= Beginning of Section =
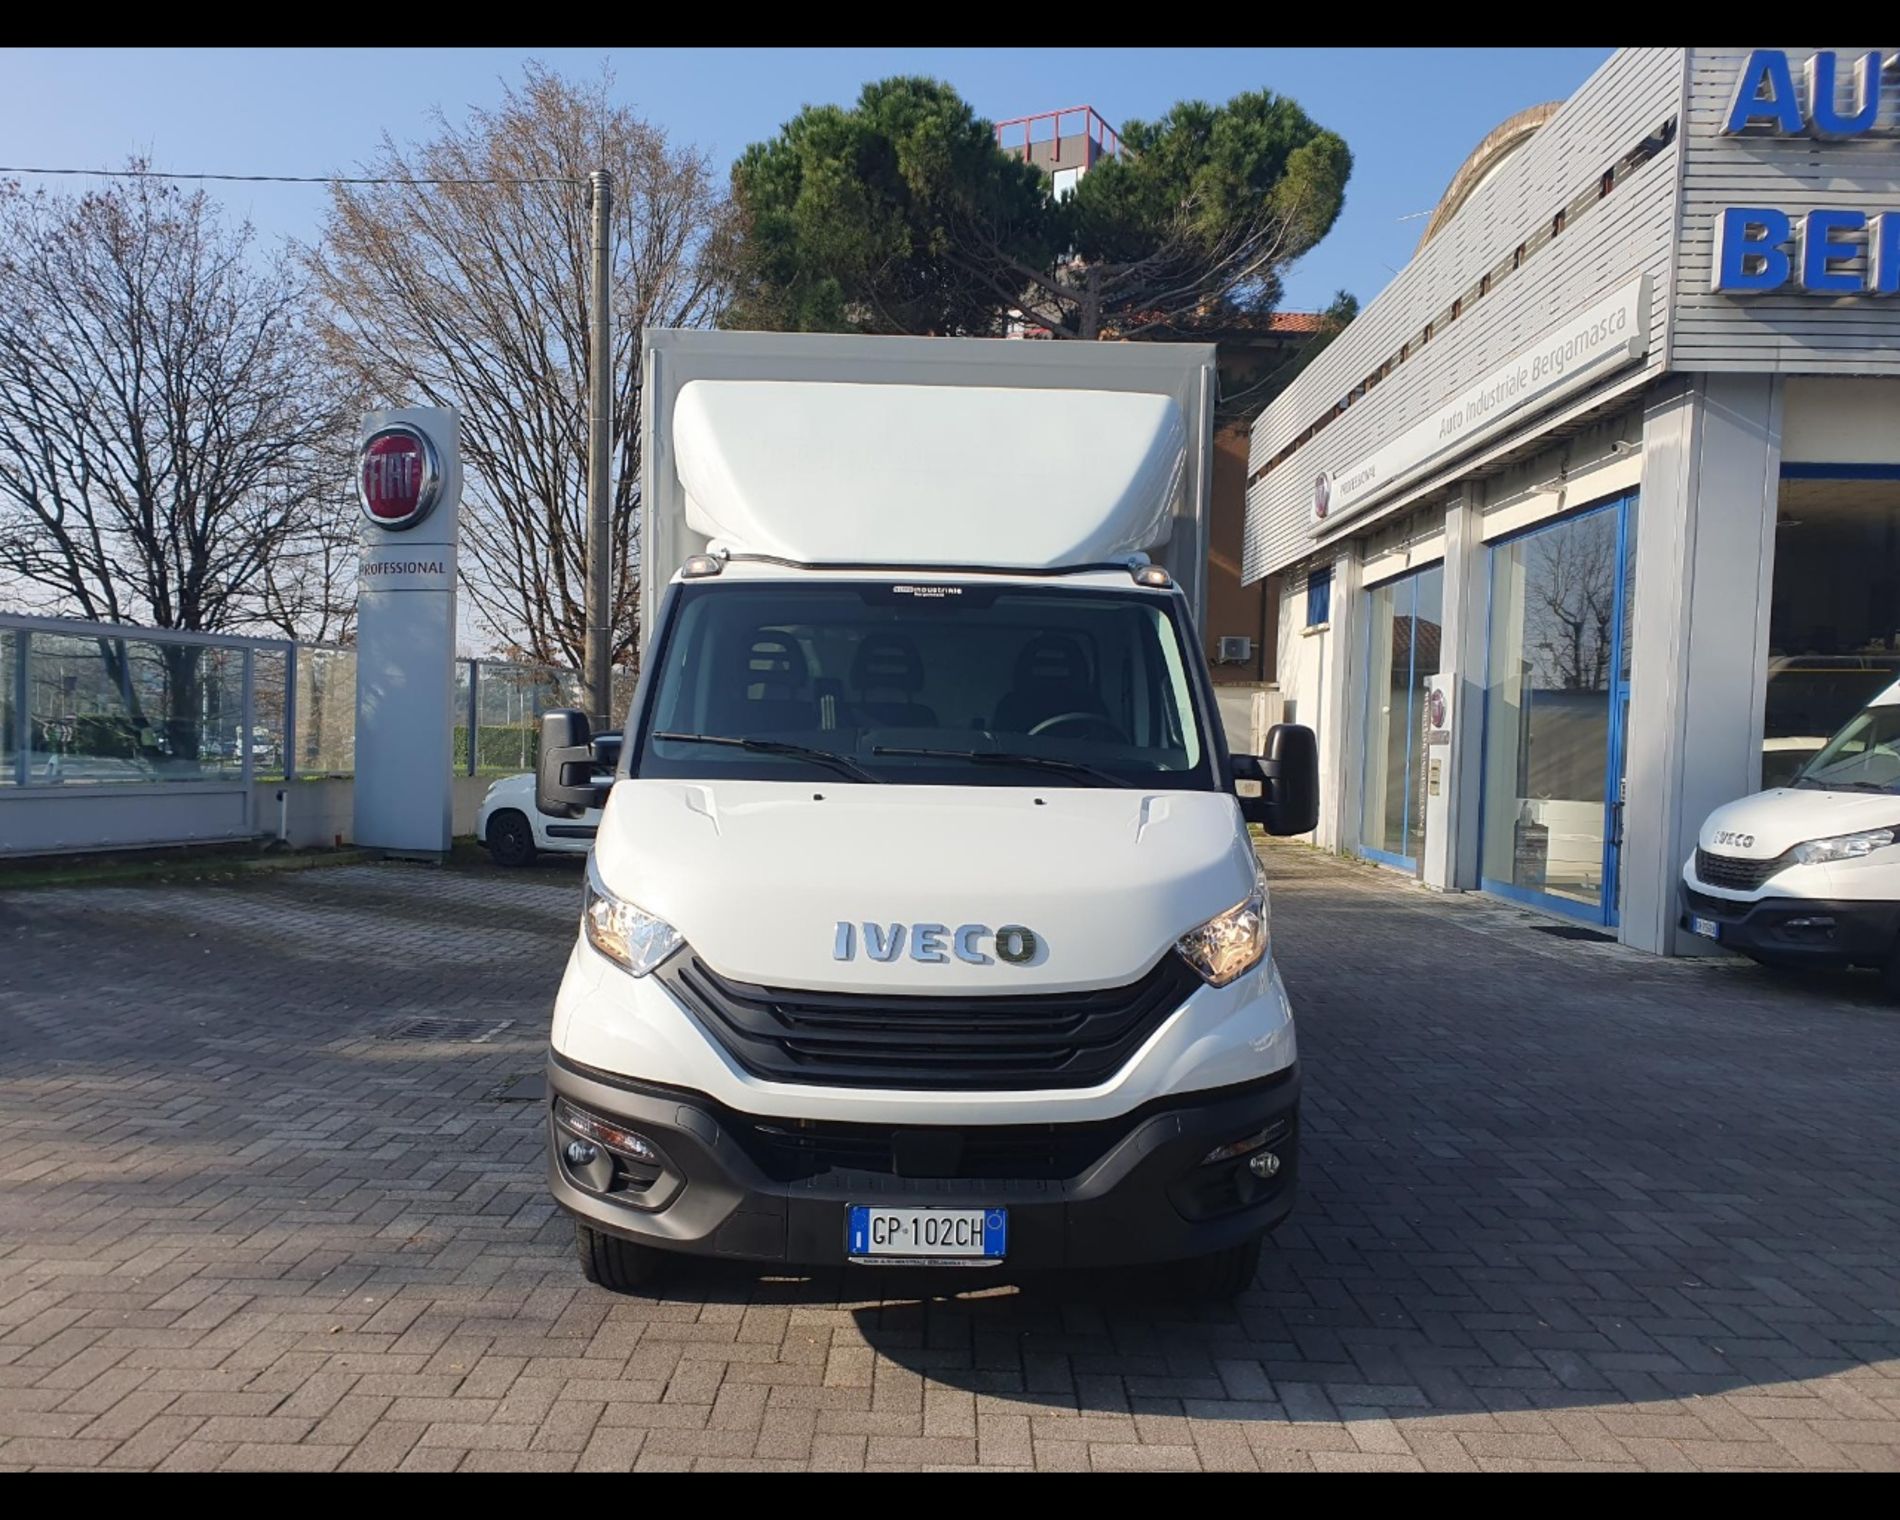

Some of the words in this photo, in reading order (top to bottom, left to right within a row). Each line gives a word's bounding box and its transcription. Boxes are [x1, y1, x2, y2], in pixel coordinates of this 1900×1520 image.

[1719, 49, 1900, 135] AU
[1439, 410, 1463, 439] Auto
[1466, 368, 1528, 422] Industriale
[1532, 306, 1626, 382] Bergamasca
[368, 453, 416, 501] FIAT
[1713, 831, 1755, 848] IVECO
[833, 921, 1037, 964] IVECO
= End of Section =
• [Task goal]: Set down all of the entries precisely and keep the pictures out of the copy.

• [Answer to this exercise]:
Some of the words in this photo, in reading order (top to bottom, left to right within a row). Each line gives a word's bounding box and its transcription. Boxes are [x1, y1, x2, y2], in pixel coordinates of this 1900×1520 image.

[1719, 49, 1900, 135] AU
[1439, 410, 1463, 439] Auto
[1466, 368, 1528, 422] Industriale
[1532, 306, 1626, 382] Bergamasca
[368, 453, 416, 501] FIAT
[1713, 831, 1755, 848] IVECO
[833, 921, 1037, 964] IVECO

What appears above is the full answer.